We have an opening for a career counselor position. I've talked to a number of people and forwarded with a recommendation a person who has more experience than me in career counseling. He's trained career counselors; he's written books about it; he's got a PhD. The dean doesn't want him. The dean complained that my candidates for career counseling positions have experience career counseling. . . . I kid you not. He wants me to look for other candidates.
Do you suppose that he'd hire a physicist for the economics department? Or how about an architect for accounting? Does this make any sense to you?
Yes and no. It could make sense in the presence of other variables, none of which help you.
A few possibilities leap to mind. First, the dean might already have someone in mind for the position, but knowing that his 'pet' candidate isn't all that strong, he has to tank the upfront search to make his choice plausible.
Second, the dean might not want to fund the position at all, but rather than being upfront about it, might find it politically easier to just nitpick each candidate until you just give up. If this is the case, then I'd nominate your dean for 'moron' status. There are much better ways to do business.
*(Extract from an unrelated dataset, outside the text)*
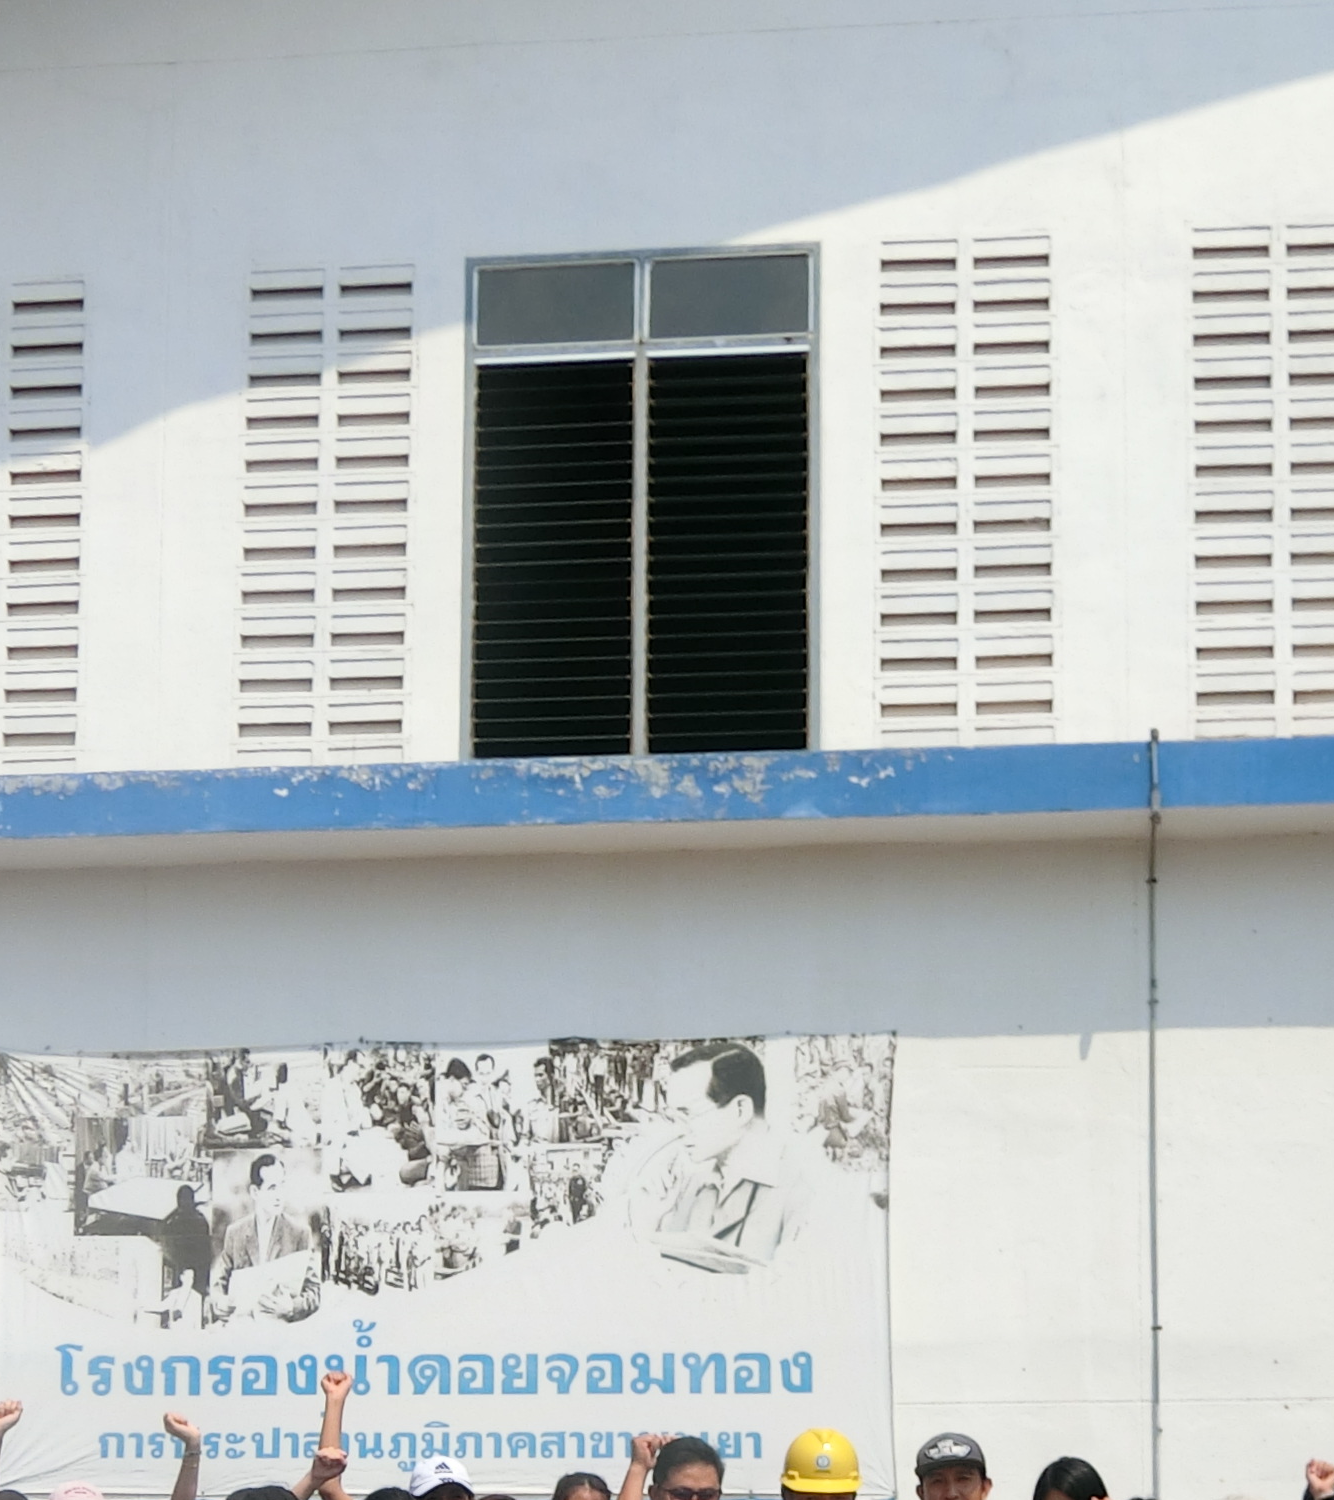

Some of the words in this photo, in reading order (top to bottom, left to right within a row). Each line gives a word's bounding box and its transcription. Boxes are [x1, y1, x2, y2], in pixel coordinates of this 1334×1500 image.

Third, this position might have been unofficially designated somewhere as an affirmative action hire, so you'll have to keep going until you find someone who allows them to check off the desired box. If this is the case, there's not much to be done about it, though I would expect the dean to give some sort of hint about which box is desired.
Fourth, the dean might fear 'flight risk' from a strong candidate. If there have been multiple recent departures, he might be spooked about people leaving, so he'd avoid anybody that anybody else would want (that is, anybody who's conspicuously qualified). On the upside, you could expect loyalty from the new hire. On the downside, the new hire will probably suck, at least at first.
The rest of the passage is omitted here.